Justo cuando terminaba de subir la cremallera de sus jeans, escuchó pasos furiosos acercándose desde atrás.

Se dio la vuelta con las cejas levantadas, sin entender de qué se trataba.

—¡¿Qué te pasa, Elize?!

—gritó Eun Ae, acercándose a ella—.

¡¿Quieres matarlo a él también?!

Elize se sorprendió por sus palabras.

¿Por qué Eun Ae parecía estar tan alterada hoy?

¿Y qué clase de tonterías estaba diciendo ahora?

Se preguntó.

—¿Qué quieres decir, Eun Ae?

—preguntó Elize.

Sus cejas se fruncieron con irritación.

Eun Ae resopló, cruzando los brazos sobre su pecho.

—¿No recuerdas lo que hiciste, verdad?

—preguntó con los ojos entrecerrados—.

¡Por supuesto que no!

¡Lo único que sabes hacer es aferrarte a los hombres para llamar la atención.

Primero el príncipe y ahora Zack!

—¡Eun Ae!

—advirtió Nina, dando un paso adelante.

Sus fosas nasales se dilataron de ira.

Elize miró de un lado a otro a las dos lobas.

¿De qué se trataba ahora?

El temor la invadió cuando las escenas de su sueño pasaron por su mente.

Podía ver el cuello expuesto del cadáver con un gran trozo de carne faltante.

—¡No!

—gritó Eun Ae, negándose a retroceder.

Su voz se elevó mientras su dedo señalaba a Elize—.

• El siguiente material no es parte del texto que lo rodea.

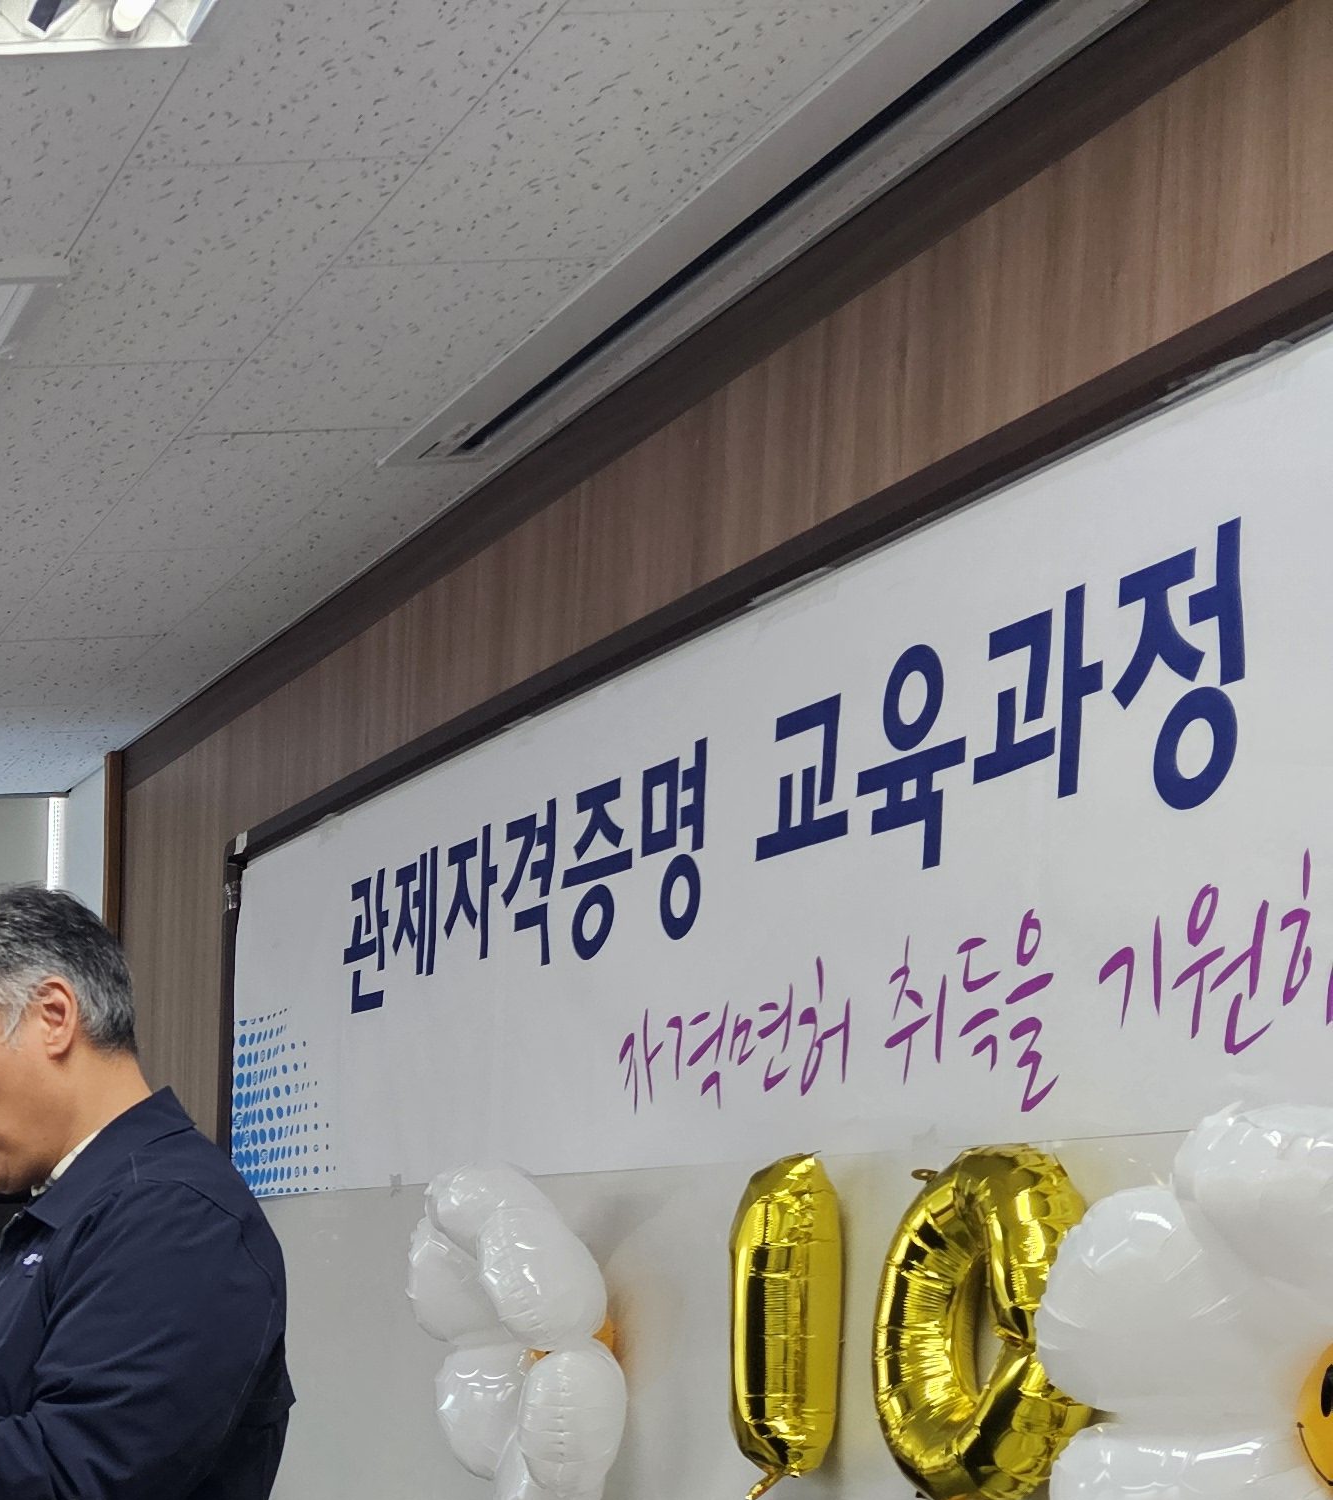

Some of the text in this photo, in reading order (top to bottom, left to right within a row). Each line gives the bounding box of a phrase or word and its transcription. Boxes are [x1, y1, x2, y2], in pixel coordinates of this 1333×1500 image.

[342, 516, 1247, 1015] 관제자격증명 교육과정
[619, 955, 852, 1114] 자격면허
[884, 908, 1059, 1113] 취득을

¡Esta zorra cree que puede salirse con la suya después de un asesinato!

¡Y no sé por qué todos ustedes están tratando de encubrirla!

¡¿Qué tiene de especial?!

¡Es solo una maldita asesina!

Elize retrocedió tambaleándose, de repente incapaz de respirar.

¿Una asesina?

¿Era ella una asesina?

El cadáver sangrante apareció en su mente una y otra vez.

De repente, los recuerdos volvieron a ella.

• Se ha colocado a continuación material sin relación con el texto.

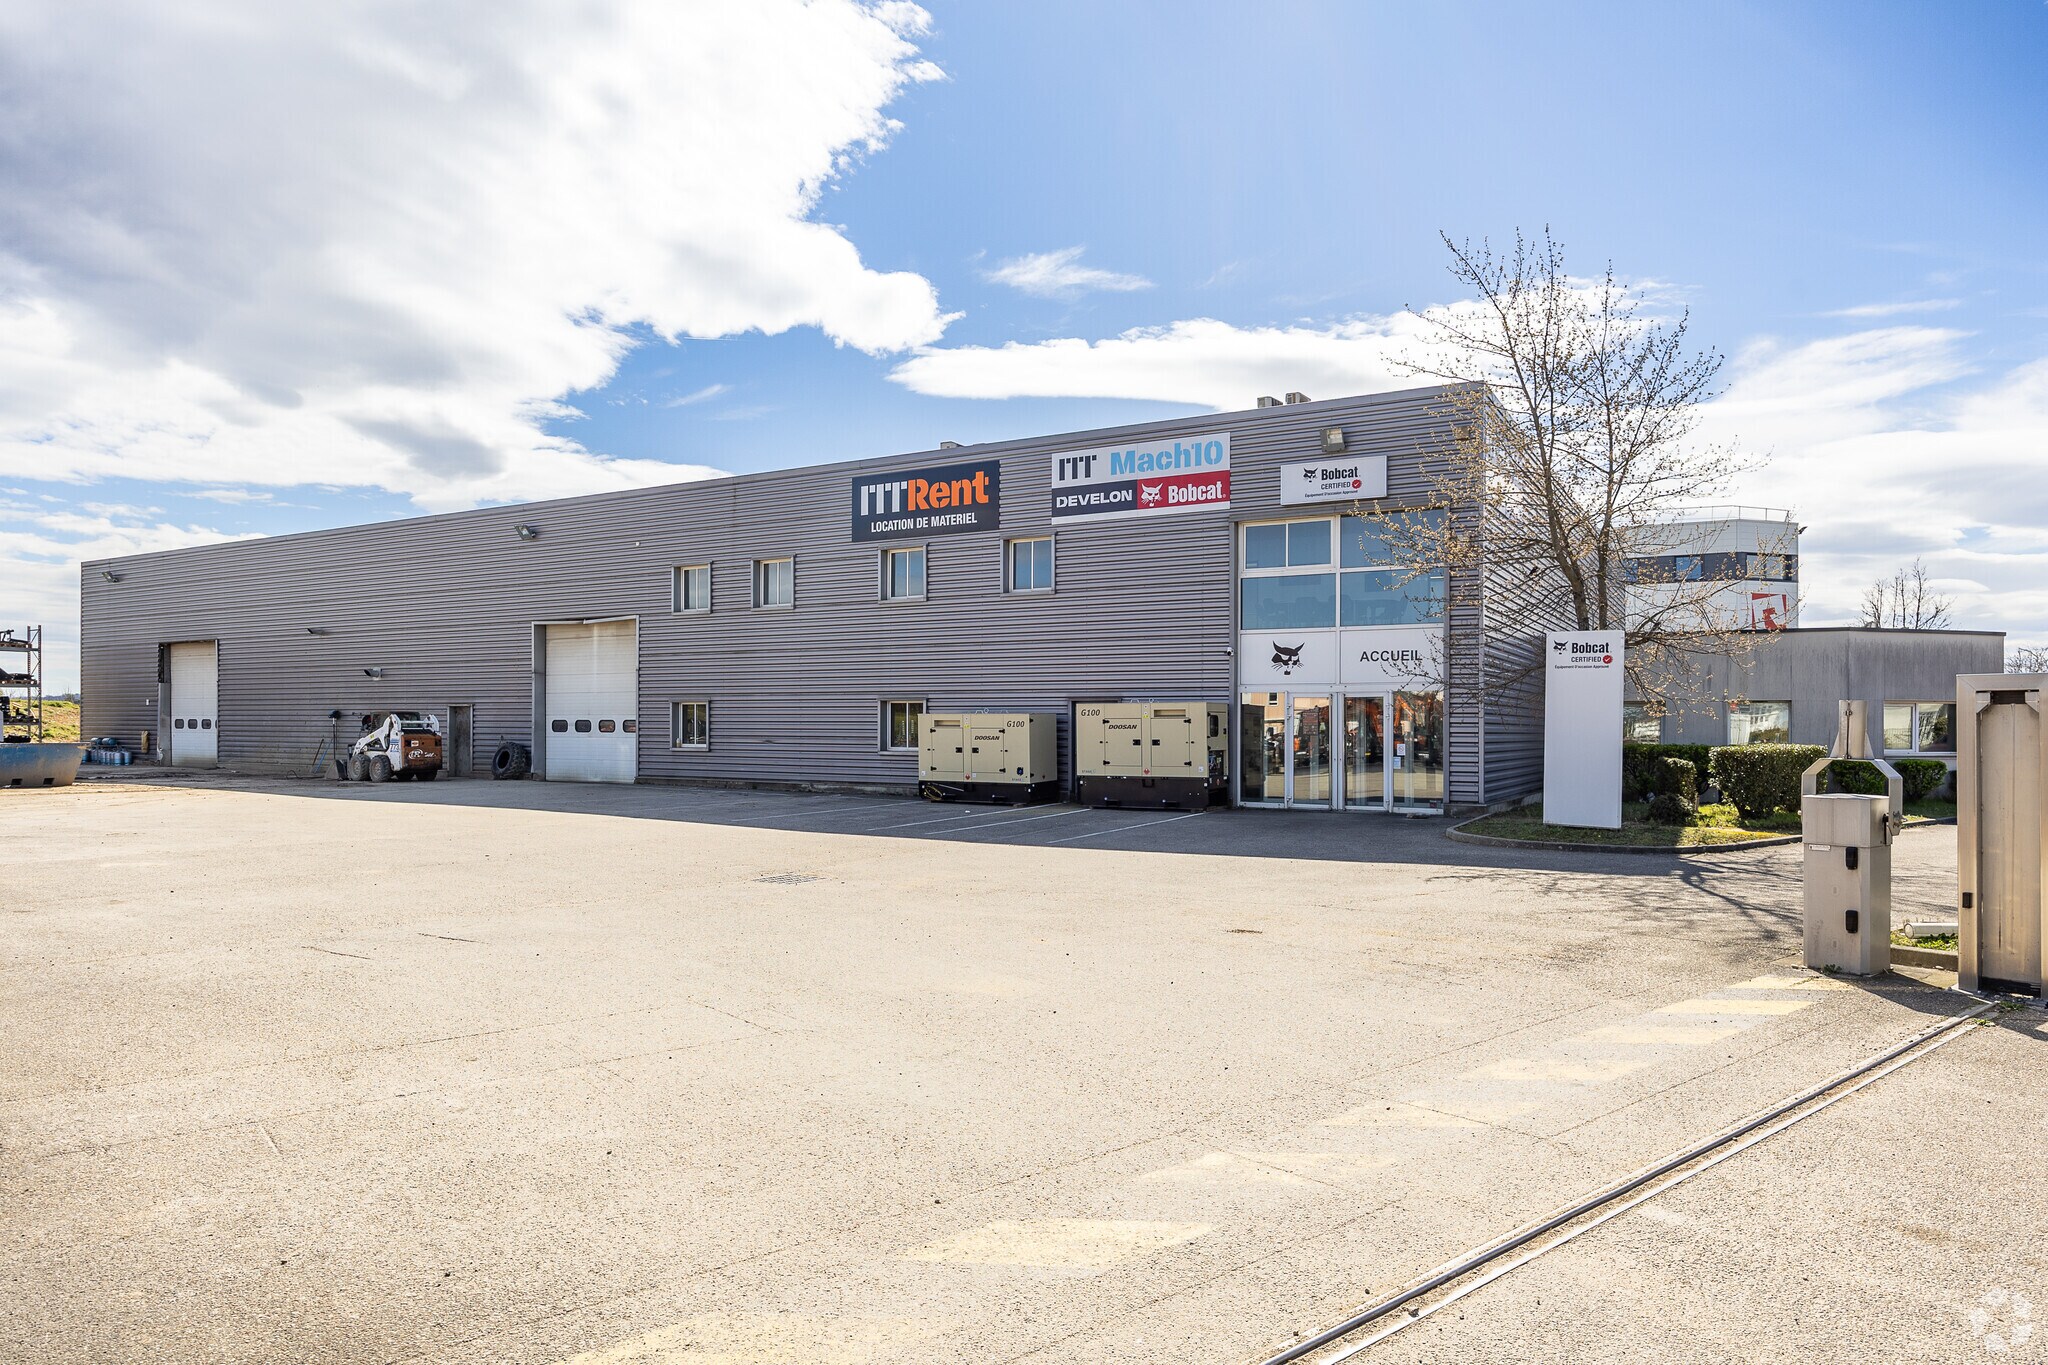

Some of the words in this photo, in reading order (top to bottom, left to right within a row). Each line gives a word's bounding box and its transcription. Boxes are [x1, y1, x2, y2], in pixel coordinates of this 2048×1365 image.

Recordó todo, desde el momento en que el chico le había arrojado la primera piedra.

La culpa se apoderó de su corazón, exprimiendo la vida de él, haciendo que se agarrara el pecho con dolor.

Una asesina: ¡ella había matado a un chico!

La frase se repitió en su mente en un ciclo interminable.

Dejó escapar un gemido, con lágrimas cayendo constantemente por sus ojos.

—¡Basta!

—gritó Nina, haciendo que Eun Ae temblara de miedo.

Volviéndose hacia Elize, extendió su mano hacia ella y dijo:
— Elize, aquí, toma mi mano.

—Yo…

—Elize dudó, mirando la mano de su amiga sin expresión.

—Ven, te llevaré de vuelta a la habitación —dijo Nina, agarrando su mano.

Elize miró al suelo sin expresión.

Podía oír los susurros de sus compañeros de clase a su alrededor.

Los que la miraban con asombro ahora la miraban con miedo.

Algunos otros la miraban con disgusto y enojo.

—¿Mató a alguien?

—¡Oh Dios mío!

¿Cómo pudo?

—Y yo pensando que estaba tratando de ser mejor.

—No puedo creer que los hiciera encubrirla.

Los susurros seguían pinchando su corazón ya sangrante.

—Vamos, Elize —insistió Nina, tratando de hacerla moverse del lugar.

Elize asintió.

Mirando a Eun Ae directamente a los ojos, apretó los dientes.

Tomando un respiro profundo para controlarse, dijo:
— Si yo fuera una asesina, no estarías ahí parada hablándome así, Eun Ae.

—¡Cómo te atreves!

—gritó Eun Ae, su rostro enrojeciendo de ira.

—¡Cállate, Eun Ae!

Veremos cómo Zack maneja esto cuando regrese mañana.

Prepárate para las consecuencias —advirtió Nina enojada.

Volviéndose hacia Elize, puso una sonrisa tensa y dijo:
— Ven Elize, vámonos.

Elize siguió a su amiga hacia la salida, mientras el dolor en su corazón se intensificaba.

—¡¿Por qué demonios harías eso, Eun Ae?!

¡Ella es inocente!

—Escuchó gritar a Lang Jin detrás de ella.